Data is the lifeblood of the surveillance economy, yet most people are not aware, let alone have a clear understanding that their everyday activities are being tracked, harvested and monetised to help tech titans like Google and Facebook make around $6 billion a year in Australia.
Even the term ‘data’ sounds abstract, clinical and removed from the individual. But it’s really referring to our everyday activities and the behaviours around it. It’s referring to our name, email address, gender, birthday, phone number, search history, movements around town, interests and hobbies, videos watched, IP address, network connection, smartphone type, credit card, debit card, purchase history, even our home movements (through smart home devices like Google Home or Amazon Alexa).
There’s actually a real person behind every data footprint. Yet the conversation to date has been that the public will be willing to continually allow our data to be traded and monetised in this way. That we will be happy to allow tech companies to trade away our data in exchange for their free products and some advertising.
These assumptions need to be challenged, because things are about to change.
This year, there is a coming regulatory storm around Big Tech. We’ve seen how wide-reaching the News Media Bargaining Code has been, and how platforms we once carefreely relied on like Facebook can be turned off without a moment’s notice.

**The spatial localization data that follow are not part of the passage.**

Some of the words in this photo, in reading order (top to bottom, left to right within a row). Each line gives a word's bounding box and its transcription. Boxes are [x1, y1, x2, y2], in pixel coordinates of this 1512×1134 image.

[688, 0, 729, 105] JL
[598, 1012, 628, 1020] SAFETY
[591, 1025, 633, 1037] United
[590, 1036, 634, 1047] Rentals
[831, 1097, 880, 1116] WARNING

This is just the beginning.
We also have the newly developed Disinformation Code, which is designed to address the quagmire of fake news, the Online Safety Bill relating to the eSafety Commission’s abilities to combat online harms, updates to the Privacy Act, which has not been updated to account for the Internet, and the Digital Advertising Services Inquiry, which looks at Big Tech’s harmful surveillance business model.

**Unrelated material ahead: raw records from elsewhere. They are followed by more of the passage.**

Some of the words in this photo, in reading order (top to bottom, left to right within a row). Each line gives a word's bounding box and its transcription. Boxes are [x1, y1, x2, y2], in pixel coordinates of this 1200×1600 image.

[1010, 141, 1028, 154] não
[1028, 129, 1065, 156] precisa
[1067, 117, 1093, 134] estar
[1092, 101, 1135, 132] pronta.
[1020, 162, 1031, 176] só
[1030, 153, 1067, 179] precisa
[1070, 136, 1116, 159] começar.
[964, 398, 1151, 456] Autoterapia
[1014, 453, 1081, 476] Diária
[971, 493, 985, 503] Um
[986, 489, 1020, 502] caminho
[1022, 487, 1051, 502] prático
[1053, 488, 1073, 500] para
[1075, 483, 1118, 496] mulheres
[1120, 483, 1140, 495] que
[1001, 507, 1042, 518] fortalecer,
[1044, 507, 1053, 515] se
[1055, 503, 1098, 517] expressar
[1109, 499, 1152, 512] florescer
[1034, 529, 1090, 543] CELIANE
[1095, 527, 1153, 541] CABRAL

These are much needed reforms and inquiries in a Big Tech environment with almost zero regulation and almost ubiquitous reach and influence.

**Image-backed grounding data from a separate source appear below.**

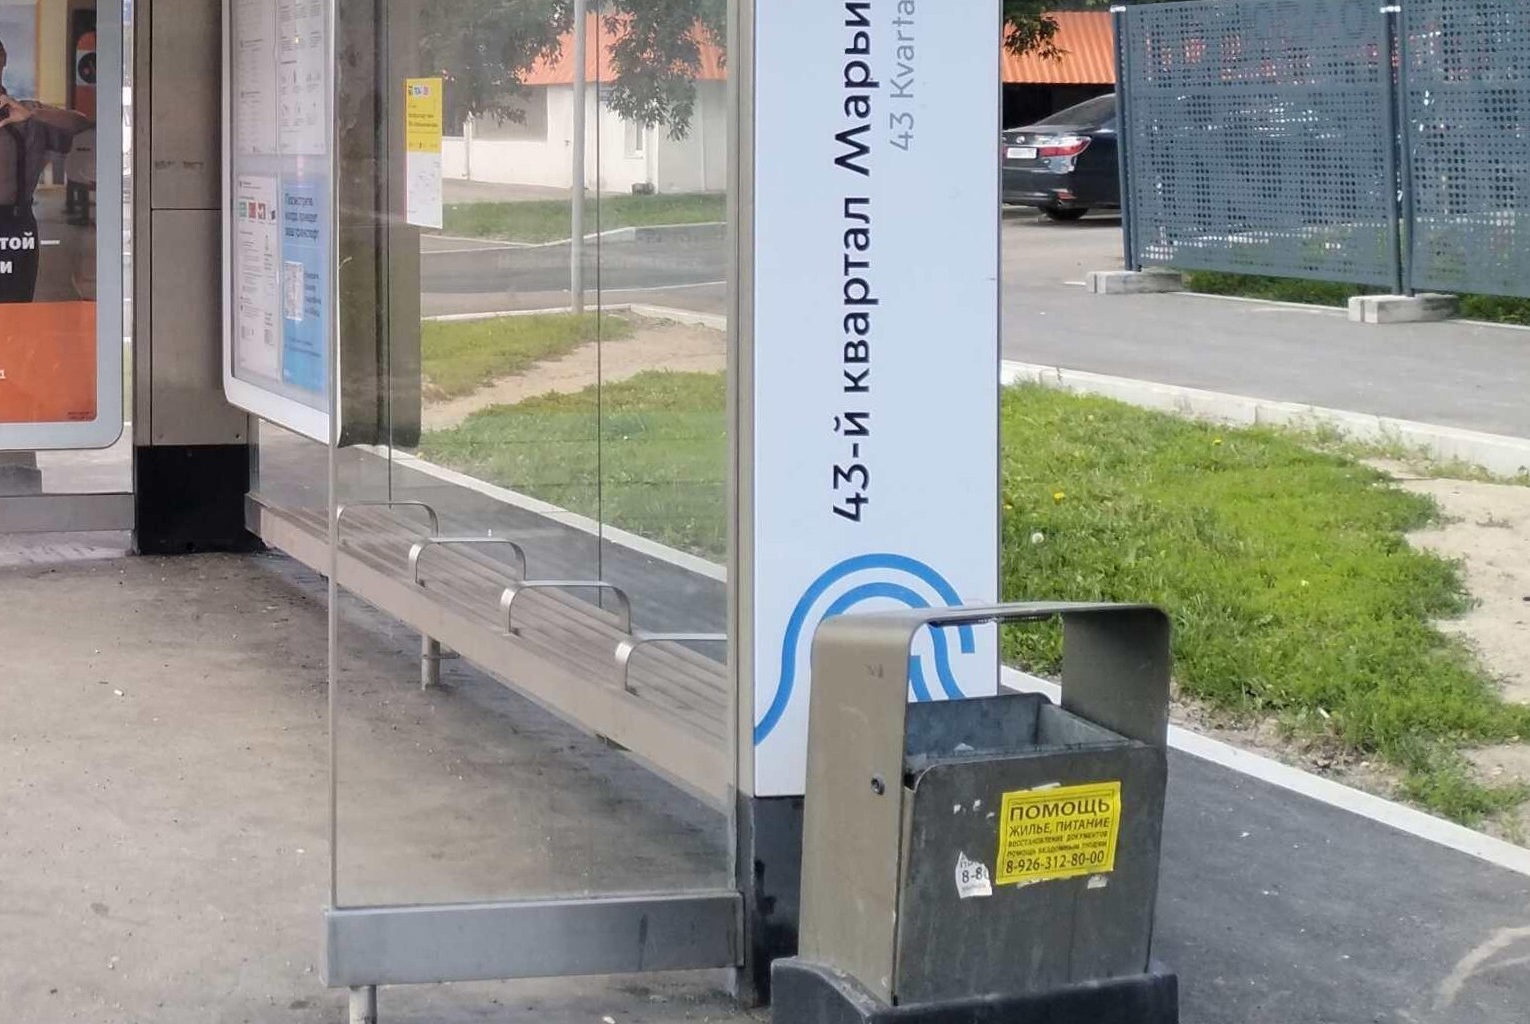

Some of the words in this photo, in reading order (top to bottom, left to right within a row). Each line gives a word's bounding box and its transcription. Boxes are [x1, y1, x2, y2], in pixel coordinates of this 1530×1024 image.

[890, 113, 914, 151] 43
[843, 197, 879, 393] квартал
[833, 412, 871, 523] 43-й
[1010, 798, 1110, 822] ПОМОЩЬ
[1056, 817, 1110, 832] ПИТАНИЕ
[1006, 850, 1105, 874] 8-926-312-80-00

The Digital Advertising Services Inquiry found that the surveillance business model, and the technology that powers it (or “adtech”) is incredibly opaque and dominated end to end by (you guessed it) Google.
All of Google’s various public products, whether it’s Search, YouTube, Gmail, Maps, etc. are all set up to harvest vast troves of people’s data/personal information. Adtech is set up to ensure this data can be effectively monetised and sold to advertisers.
If you are a public servant involved in marketing, advertising, or publishing, you would already know that Google has complete horizontal integration across the complex adtech stack:
This is a competition issue because no one else can compete with Google, as Google hoards vast amounts of data and has integration across the technology that monetises it. It’s a public and privacy issue because it takes this data without the public having a clear idea of what they’re signing up to, and because the data sharing happening between Google services often happen after they said they will explicitly not share it.
So, what can us hapless lay people do? The ACCC Inquiry is proposing some increases in data management for individuals including data portability – the ability for the public to take their data from one provider and take it elsewhere, lessening the possibility that they are ‘trapped’ on one platform where they’ve created so much content.
There are proposals that would allow data transfer between large incumbents (i.e. Google), or data interoperability to smaller vendors so that there is healthier competition in the industry. There are also proposals for data separation, to make sure that Google doesn’t share large banks of data between its products (e.g. sharing YouTube data to the main Google infrastructure).
These are all fantastic initiatives that go towards balancing the market imbalance caused by Big Tech.
But the larger issue of the surveillance economy remains. The public, whose data footprint is constantly being vacuumed up without its awareness, remains a passive source waiting to be mined, a submissive serf being used for Big Tech profit.
So the big idea is this – that our data should be paid for by the tech companies who want to use it. This is a concept that’s gaining traction.
New York City mayoral candidate Andrew Yang, a Big Tech favourite ironically, has called for this on his initiative called Data Dividend Project, helping the public claim data as its property and getting paid by tech platforms. Jaron Lanier “the face of Virtual Reality” has called for the same thing. Academics, policy boffins and scattered public servants are also starting to murmur.
There are some concerns that a transactional exchange of data in this way reduces all our data into a commercial exercise, and that data collected for the public good, like health information, or community trends will be disadvantaged by this pursuit.
Of course, exemptions for public benefit would be a simple solution to those concerns, but the critique of data as merely commercial currency has merit. We do need new ideas for our online footprints that’s not just about surveillance and profit.
Nevertheless, as the Australian government (and indeed global governments) further develops its regulatory agendas against Big Tech, ideas like payment for public data will come up more and more, and what seemed like a pipe dream several years ago may have a chance to become law sooner than we think.